Perfume obviously contributes. Very big in the gyms these days are Lily of the Valley and Windsong. But the most popular of all, a sweating cheerleader told me, is Charlie. She explained helpfully that Charlie smells like gerbils. Another pulled me aside to explain that the scent of musk has traditionally been considered an aphrodisiac. I told her carnations remind me of funerals.

This is a complete list of the ingredients that make up the smell. I have forgotten nothing. So don't anybody write and suggest I did, because I am the expert.

My basic motivation in undertaking this monumental work is that a good sense of smell isn't widely praised. Good hearing is. good sight is. good smell isn't. As the college professor said. "We may say of an acquaintance that she is a lady of taste, but not that she is a lady of smell." Many people consider smell one of our lower senses, ignoring the fact that smell, perhaps more than any other, brings back memories. My expertise in this area—my talent for using my hippocampal gyrus with its hooklike end, the uncus—should be applauded. It's not. People really are unaware of it, with the possible exception of my mother—as noted above.

Recently the smell-alikeness of high school gyms has begun to face a number of threats. One conies from the trend toward a playing surface other than splendidly odoriferous wood. Tartan, for instance. I don't think this will seriously affect the traditional aroma, however, I also detect a recent tendency to let more sunlight, that enemy of odors, into gyms. We will survive that, too, because architects have nearly always designed high school gyms that are poorly ventilated and badly lighted, and they will never abandon this tradition of their trade. A school janitor further reassured me. "If the gym was ever cleaned good, it wouldn't smell like it does. But where are you going to find a janitor who will clean much of anything good, especially a gym?"
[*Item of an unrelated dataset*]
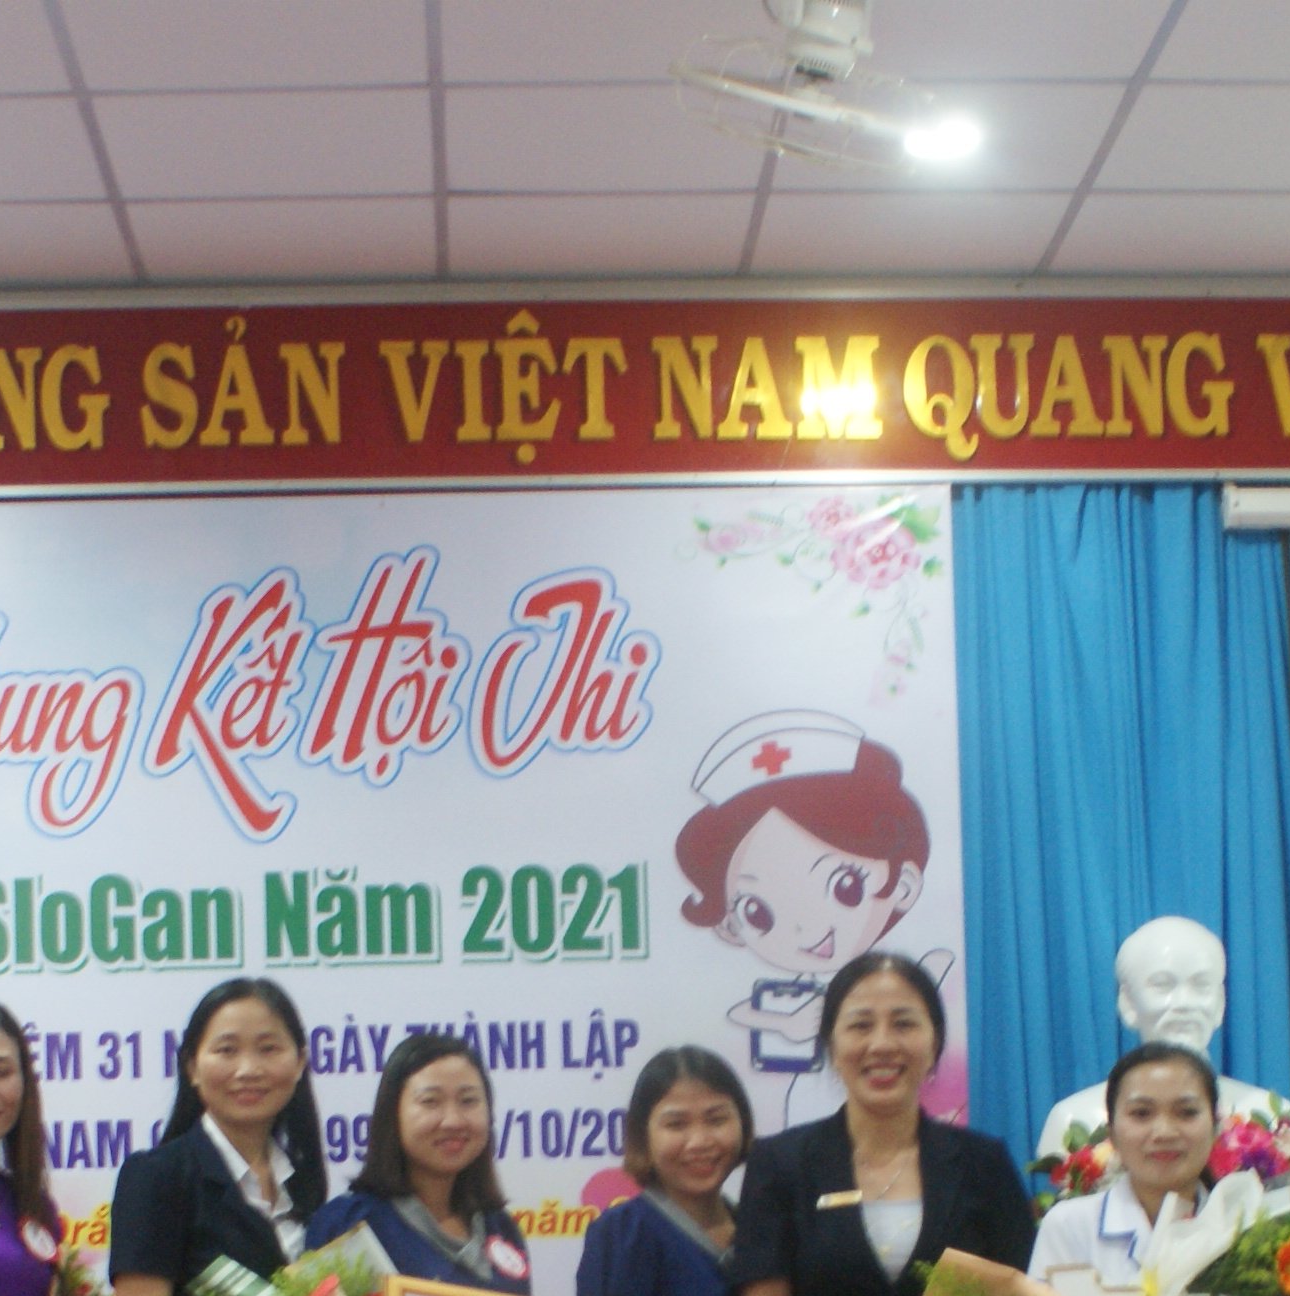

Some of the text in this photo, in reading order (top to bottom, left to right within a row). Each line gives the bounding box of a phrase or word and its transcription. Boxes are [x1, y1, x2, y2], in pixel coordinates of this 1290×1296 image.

It's possible that one of the ingredients that make up the smell could be missing from a high school of your acquaintance. If, for example, the girls in Montana are not wearing Charlie, this shortcoming might be made up for by the boys who come to the gyms with stuff on their boots. Minor regional substitutions like this would not really flaw the end result.

I submit that things better not change when it comes to this universal fragrance of the American high school gym. It's important to the fabric of this country that in these tumultuous times at least one thing remains constant: when you have inhaled the fragrance of one high school gym, you have smelled them all.